1) Le bilan d’une banque centrale avec ou sans QE :

a) Dans un bilan d’une banque centrale, on distingue les "facteurs autonomes" et les éléments liés à la politique monétaire, à l’actif et au passif.

b) Les facteurs autonomes (actifs et passifs) sont tous les éléments du bilan de la banque centrale qui ne sont pas contrôlés directement par la banque centrale en tant qu’"agent de politique monétaire". Ce sont donc des facteurs exogènes à la banque centrale comme agent de politique monétaire (d’où leur appellation d’"autonomes"). Il s’agit :

- des actifs extérieurs nets : notamment les réserves de change et d’or. La banque centrale peut évidemment essayer d’en contrôler le niveau, par des achats et des ventes de devises et d’or, mais il ne s’agit pas de décisions de politique monétaire (il s’agit de la politique de change, pour laquelle l’Etat a généralement un rôle de codécisionnaire, alors que pour la politique monétaire la banque centrale agit de façon indépendante).

- des actifs domestiques nets : il s’agit, à l’actif, essentiellement des portefeuilles d’investissement de la banque centrale (notamment placés en obligations domestiques - qui servent notamment à assurer l’indépendance financière de la banque centrale, pour le paiement de ses employés et des retraites etc.), et, au passif, du capital de la banque centrale.

- de la circulation fiduciaire : on considère que billets et pièces émis par la banque centrale appartiennent à la circulation fiduciaire lorsqu’ils quittent les coffres-forts de la banque centrale et sont expédiés aux banques. Il s’agit d’un passif pour la banque centrale (les premiers billets étaient émis comme des créances sur la puissance publique, convertibles en or par le détenteur à sa demande).

- des comptes nets du Gouvernement : il s’agit, à l’actif, des éventuelles créances accordées par la banque centrale à l’Etat (interdites en zone euro, par l’Article 123 du Traité sur le fonctionnement de l’UE), et, au passif, des comptes de l’Etat (et éventuellement de ses démembrements) à la banque centrale.

c) Le solde de l’ensemble des facteurs autonomes détermine le déficit ou l’excès de liquidité du système bancaire. Il faut voir le système bancaire comme la "contrepartie" de la banque centrale. Lorsque la banque centrale achète un actif (= augmentation d’un facteur autonome à l’actif, donc augmentation du solde net des facteurs autonomes), elle injecte de la liquidité dans le système bancaire. Lorsque la circulation fiduciaire à cause de la demande de billets des agents économiques (= augmentation d’un facteur autonome au passif, donc diminution du solde net des facteurs autonomes), il s’agit d’une absorption de liquidité pour le système bancaire.
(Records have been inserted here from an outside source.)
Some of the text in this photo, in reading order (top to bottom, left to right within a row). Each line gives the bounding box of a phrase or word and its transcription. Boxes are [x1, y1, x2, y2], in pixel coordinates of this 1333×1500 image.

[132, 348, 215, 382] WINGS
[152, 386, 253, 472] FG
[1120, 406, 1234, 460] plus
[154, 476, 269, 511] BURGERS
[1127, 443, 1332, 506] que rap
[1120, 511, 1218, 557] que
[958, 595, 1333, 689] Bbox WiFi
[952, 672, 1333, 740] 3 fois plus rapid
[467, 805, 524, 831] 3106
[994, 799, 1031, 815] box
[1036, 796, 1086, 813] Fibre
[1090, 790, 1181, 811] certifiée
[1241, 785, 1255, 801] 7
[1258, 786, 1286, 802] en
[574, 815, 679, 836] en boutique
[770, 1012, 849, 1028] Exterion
Donc le bilan de la banque centrale représente l’accumulation historique de toutes les opérations de la banque centrale avec le système bancaire : si les facteurs autonomes à l’actif excèdent ceux au passif, le système bancaire a un surplus de liquidité ; si les facteurs autonomes au passif excèdent ceux à l’actif, le système bancaire a un excédent de liquidité.
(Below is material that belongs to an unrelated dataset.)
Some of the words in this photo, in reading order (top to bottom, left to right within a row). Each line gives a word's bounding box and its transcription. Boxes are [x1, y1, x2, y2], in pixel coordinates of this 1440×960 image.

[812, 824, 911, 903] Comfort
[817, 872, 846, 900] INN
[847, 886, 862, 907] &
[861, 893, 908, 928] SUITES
d) En zone euro et aux USA, le système bancaire est normalement en déficit de liquidité, en raison notamment de l’importance de la circulation fiduciaire (un facteur autonome au passif) et de la faiblesse relative des réserves de change (un facteur autonome à l’actif - la Fed n’a pas vraiment besoin de réserves pour "défendre" le dollar US). En revanche, dans beaucoup de pays émergents (qui ont besoin de grosses réserves de change pour défendre leurs devises), le système bancaire est souvent en surplus de liquidité.

e) La politique monétaire consiste pour la banque centrale à gérer le solde des facteurs autonomes de façon à influencer le prix de liquidité dans le système bancaire et, par conséquent, dans l’économie toute entière :
- Si le système bancaire est en surplus de liquidité, la banque centrale absorbe la liquidité à un taux qu’elle détermine pour influencer le prix de la liquidité pour les banques, qu’elles répercutent ensuite à leurs clients (entreprises et particuliers).
- Si le système bancaire est en déficit de liquidité, la banque centrale injecte la liquidité à un taux qu’elle détermine pour influencer le prix de la liquidité pour les banques, qu’elles répercutent ensuite à leurs clients (entreprises et particuliers).
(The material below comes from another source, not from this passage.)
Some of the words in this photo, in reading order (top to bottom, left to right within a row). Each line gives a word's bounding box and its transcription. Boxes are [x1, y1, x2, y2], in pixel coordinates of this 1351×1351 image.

f) L’outil principal de la politique monétaire "conventionnelle" est donc le taux des opérations de gestion de la liquidité conduites par la banque centrale pour injecter (zone euro, USA) ou absorber (certains pays émergents) la liquidité.

g) Dans certains cas, notamment lorsque le taux directeur de la banque centrale a atteint son "plancher", la banque centrale doit passer à une stratégie "quantitative" de gestion de la monnaie (QE). Si la banque centrale a abaissé son taux directeur au niveau qu’elle considère comme "plancher" (en général 0% ou un peu moins), et que le risque déflationniste persiste, elle doit envisager de mettre en oeuvre des stratégies "non-conventionnelles" afin de remplir son mandat de préservation de la stabilité des prix.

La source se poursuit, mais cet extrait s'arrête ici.